How to solder EC3 connectors for drones and rc airplanes
Clean and prep the soldering iron
If you’ve not used your soldering iron in a long time and it looks like a mess or you have a new iron, now is the time to clean and tin the tip. I use lead-free tinning flux to clean and re-tin my iron. Do not let the tinning flux come into contact with your bare hands because it is caustic and can cause severe burns.
Use a cotton swab and apply the flux to a cold soldering iron making sure to give the tip an even coat. Set the iron down on a hard surface (preferably one that cannot catch fire), turn the iron on, and let the flux melt.
Stay clear of any smoke and if you have fan or cross breeze, take advantage of it to blow the smoke away. When all the flux has melted away, wipe the tip clean using the wet sponge.

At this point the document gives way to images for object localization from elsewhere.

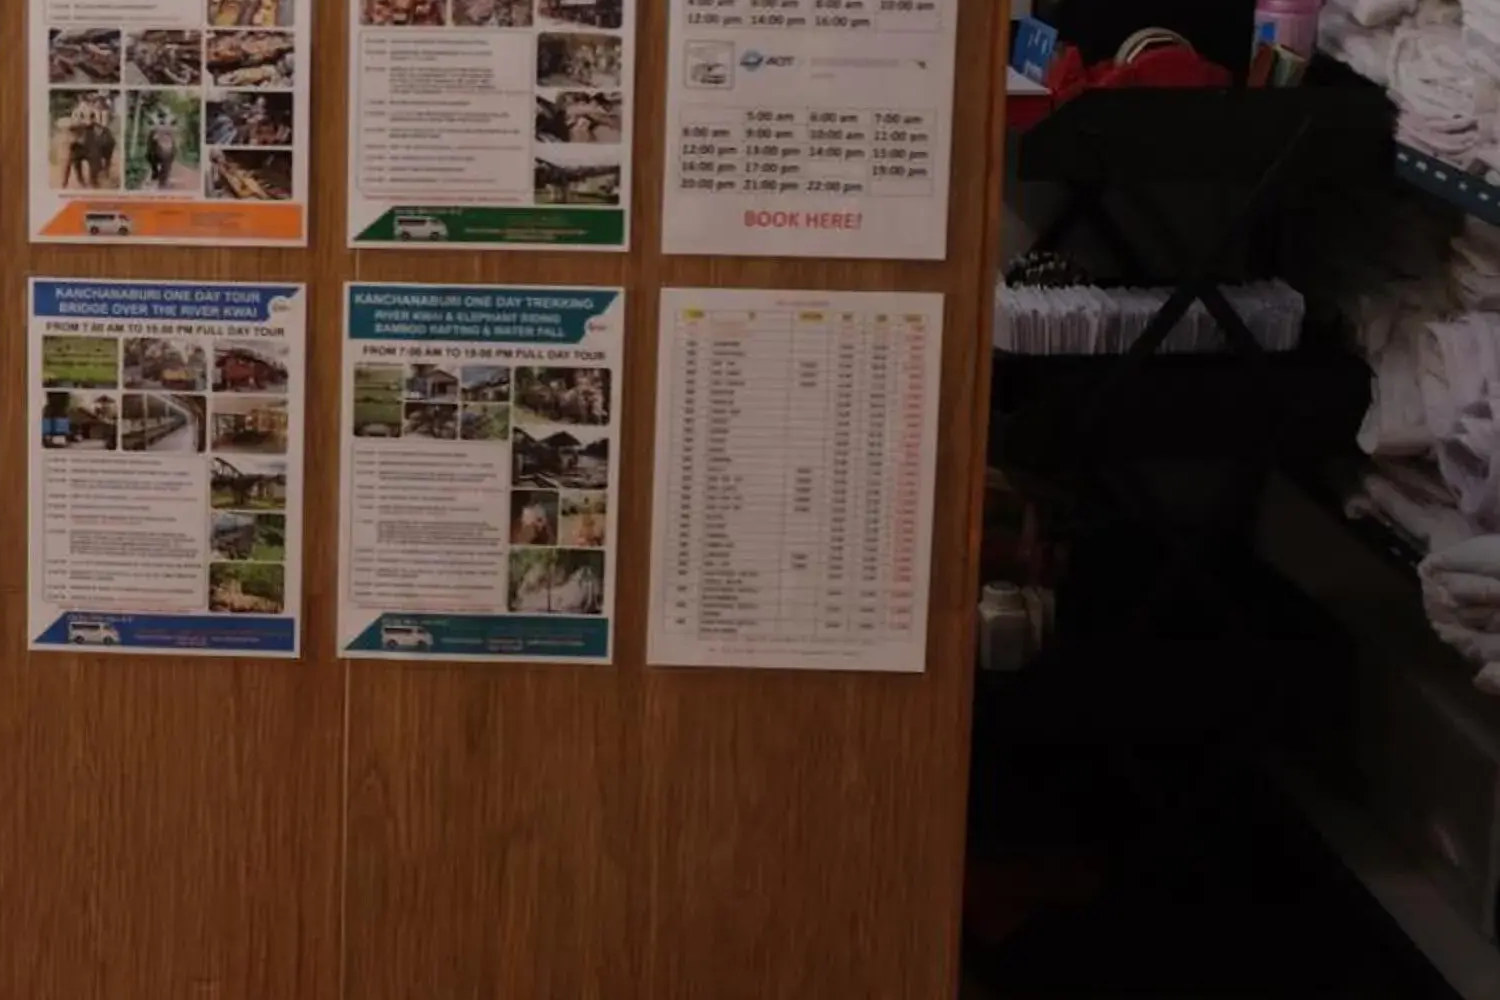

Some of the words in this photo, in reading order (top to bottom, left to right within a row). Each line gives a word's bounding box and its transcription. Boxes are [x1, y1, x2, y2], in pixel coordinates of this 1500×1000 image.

[743, 210, 801, 228] BOOK
[805, 212, 863, 230] HERE!
[164, 289, 191, 302] ONE
[194, 290, 221, 303] DAY
[225, 291, 261, 303] TOUR
[464, 295, 492, 309] ONE
[495, 296, 523, 309] DAY
[59, 302, 108, 315] BRIDGE
[112, 303, 148, 316] OVER
[152, 304, 177, 316] THE
[181, 304, 219, 317] RIVER
[223, 305, 257, 318] KWAI
[128, 323, 142, 333] TO
[177, 325, 193, 335] PM
[227, 326, 250, 336] DAY
[254, 326, 285, 337] TOUR

Over the wet sponge begin melting the rosin-core solder to the tip of the iron. Be aware that to get even coverage you’re going to use a lot of solder while tinning the tip. During tinning, periodically use the sponge or brass wool to wipe the excess solder from the iron. You’ll achieve desired results once you see a solid silver tip.
Soldering the wire leads and EC3 connectors
In this example, I’m going to solder male leads to a speed control that will then connect to female leads from a lipo battery. Long ago I decided to standardize my lipo battery leads to the EC3 female connections which was just a personal preference.
When soldering EC3 connectors you won’t need to strip too much of the insulation from the wire. 1/8 inch or 4mm should be sufficient. Only a small amount of wire needs to be exposed to make sure that the insulation is even with the top of each lead. Trim away a small amount of insulation at a time and check that you have the correct depth.
I prep each wire lead with a small dab of liquid soldering rosin. I feel this helps the solder to melt and flow more evenly through the wire braiding when I tin. Heat the surface by placing the soldering iron on the wire. Then touch the solder to the wire – not the tip of the soldering iron. Sometimes I need to place the solder right next to the tip of the iron to get the solder to start melting. Your tips are now tinned and ready to be soldered to the leads.
Once you hear that “pop” your connector and lead are locked in place and you’re done.
I clamp my EC3 leads into place using a set of Helping Hands. I add a drop of rosin into the cup of each lead to help with heat transfer across the lead and to help bolster solder adhesion. Hold the iron against the outside of the connector, letting it heat to temperature. Then slowly push the rosin-core solder into the cup of the lead and make a small pool of liquid solder. Keep the iron held against the lead to make sure the solder stays molten.
Grab your wire and quickly saddle it into the cup of the lead, wait a few seconds, and the solder will harden and your lead will be complete. Repeat this process for any other leads you have. The last part of the EC3 connectors is snapping the leads into the connector. You’ll need a very small flat head screwdriver to wedge into the tip of the connector to lock it place.
The connectors are labeled positive (+) and negative (-) so double-check and make sure you are locking the correct lead into the proper slot. Push the lead into the connector slot and listen to hear the lead “pop” into place. Once you hear that “pop” your connector and lead are locked in place and you’re done.